In short, this new incentive enables business owners to take a deduction and only pay taxes on 80% of their net adjusted income, instead of their entire profit. That said, this calculation can vary and it’s important to consult with a financial planning expert to determine how much of this deduction should be applied.
There’s a reason thousands of Americans are questioning whether or not they qualify for a Qualified Business Income Deduction. Here are some insights that hopefully will help:
What exactly is Qualified Business Income (QBI) Deduction?

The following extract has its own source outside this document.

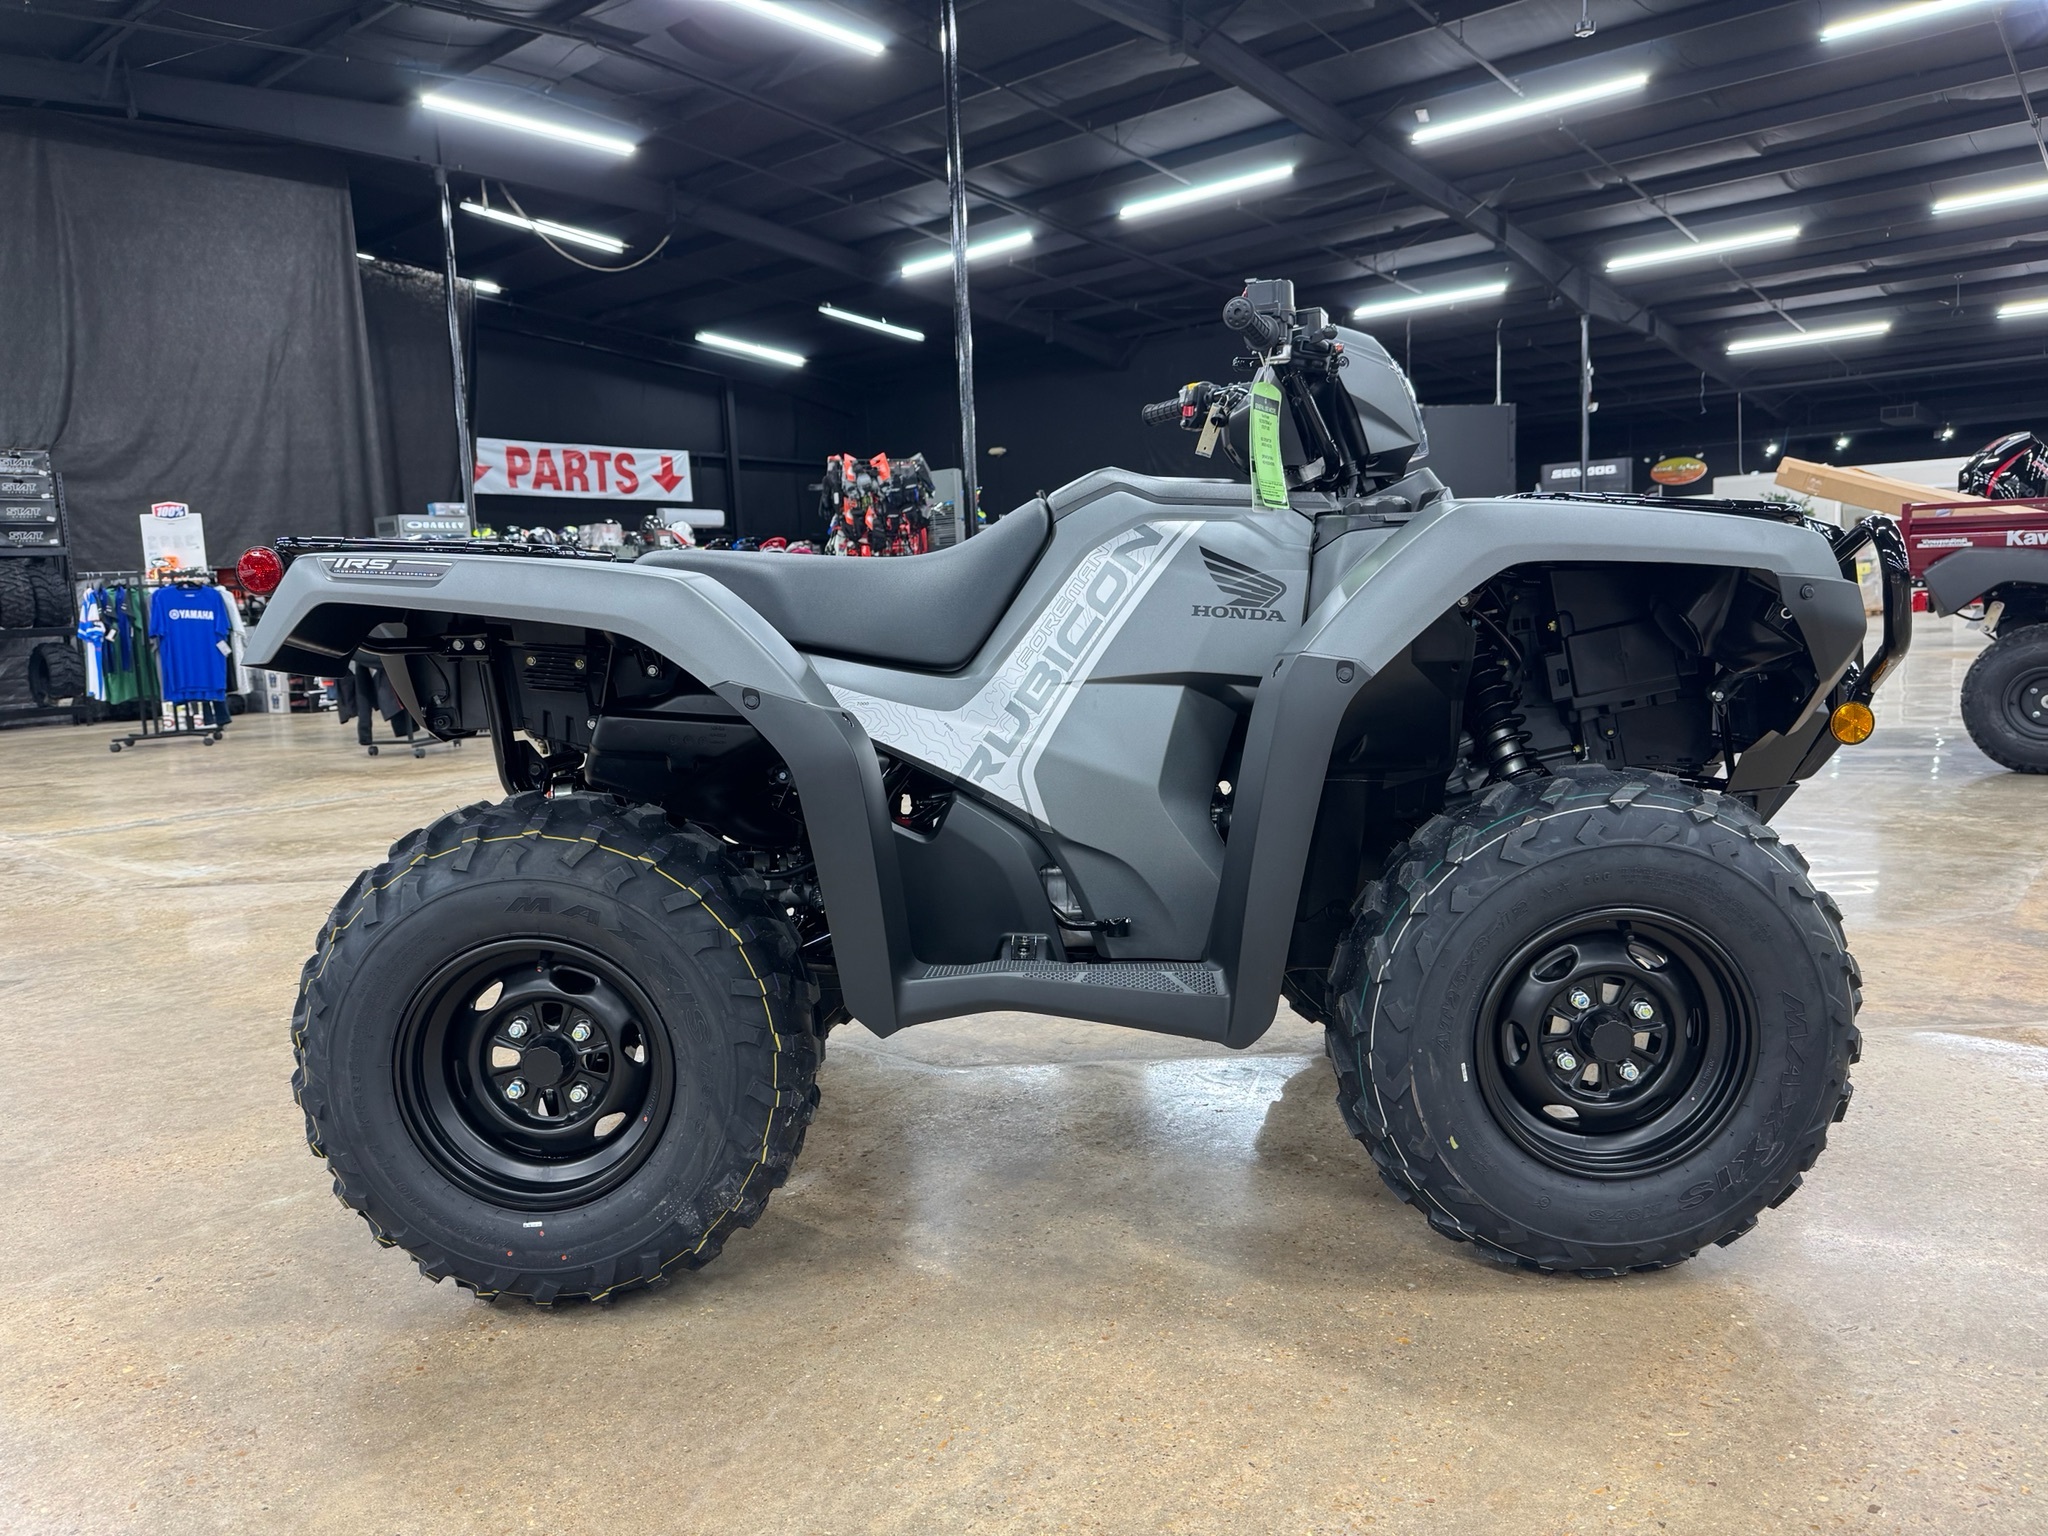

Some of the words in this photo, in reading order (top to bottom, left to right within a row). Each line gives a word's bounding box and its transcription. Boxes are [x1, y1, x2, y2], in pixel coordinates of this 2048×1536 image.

Qualified Business Income (QBI) is your net adjusted income from a business or pass-through trade that enables you to take a deduction on your taxes. Once amount of QBI is determined, the deduction is 20% of this number. However, there are characteristics of your business financials that may limit or eliminate your ability to use Qualified Business Income Deductions. Hence the use of net adjusted income. These limitations may include:
- Dividend Income
- Interest Income
- Payments within the company for services rendered
- Capital gains and losses
- Property sale gains
- W2 Wages or guaranteed payments
- Health Insurance
- Contributions to business related retirement plans
How do I know if I qualify for Qualified Business Income Deductions?

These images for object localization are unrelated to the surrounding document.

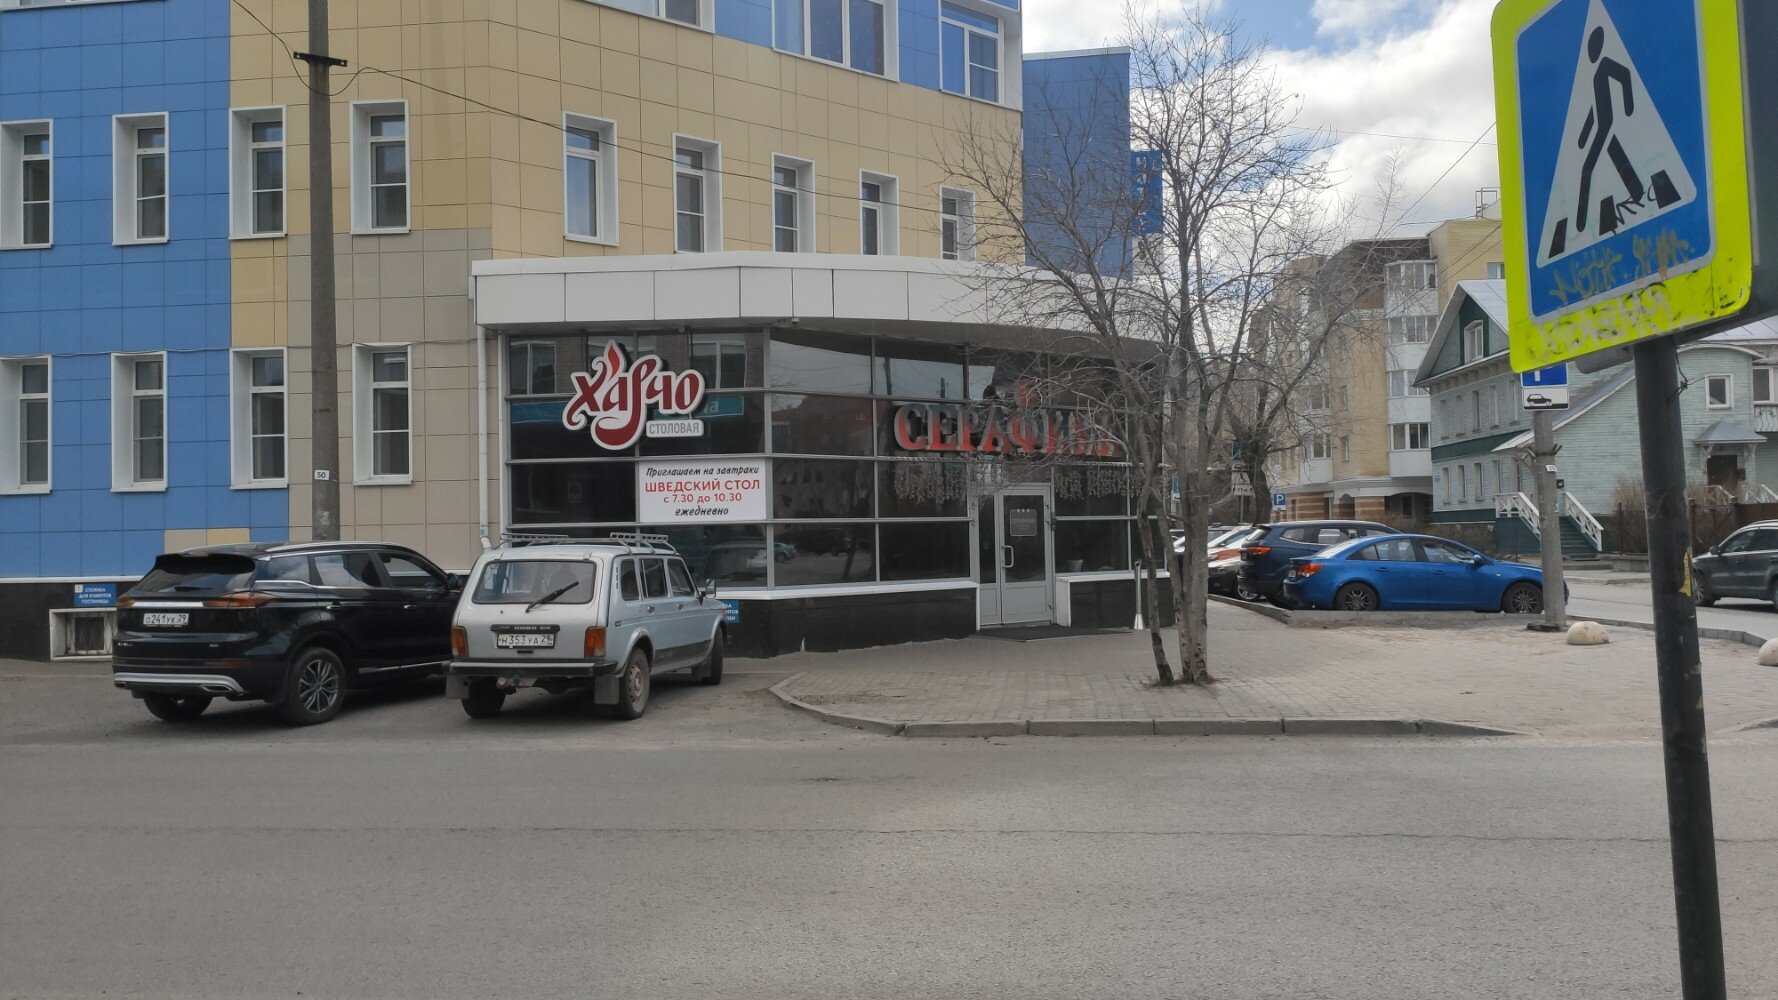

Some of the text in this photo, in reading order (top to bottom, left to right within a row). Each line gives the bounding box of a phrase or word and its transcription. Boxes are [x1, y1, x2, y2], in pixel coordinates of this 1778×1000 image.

[650, 422, 700, 435] СТОЛОВАЯ
[646, 466, 760, 477] Приглашаем на завтраки
[645, 478, 760, 493] ШВЕДСКИЙ СТОЛ
[672, 494, 694, 503] 7.30
[696, 495, 711, 504] до
[714, 492, 742, 502] 10.30
[675, 505, 729, 516] ежедневно

If you receive income from the pass-through entities below, you may qualify for QBI:
- Multi and Single Member LLCs
- Real Estate Investors
- Sole Proprietors
Additionally, even if you are not an owner in a pass-through entity, you may still qualify for a QBI Deduction. Dividend income from Real Estate Investment Trusts (REITs) are a very easy way to get a QBI Deduction. The comprehensive 1099 issued by your investment company actually now has a separate line showing this income. All the calculations have already been done. Therefore, the figures shown on your comprehensive 1099 is what you can use to calculate the QBI deduction.
Does taxable income limit the amount of deductions?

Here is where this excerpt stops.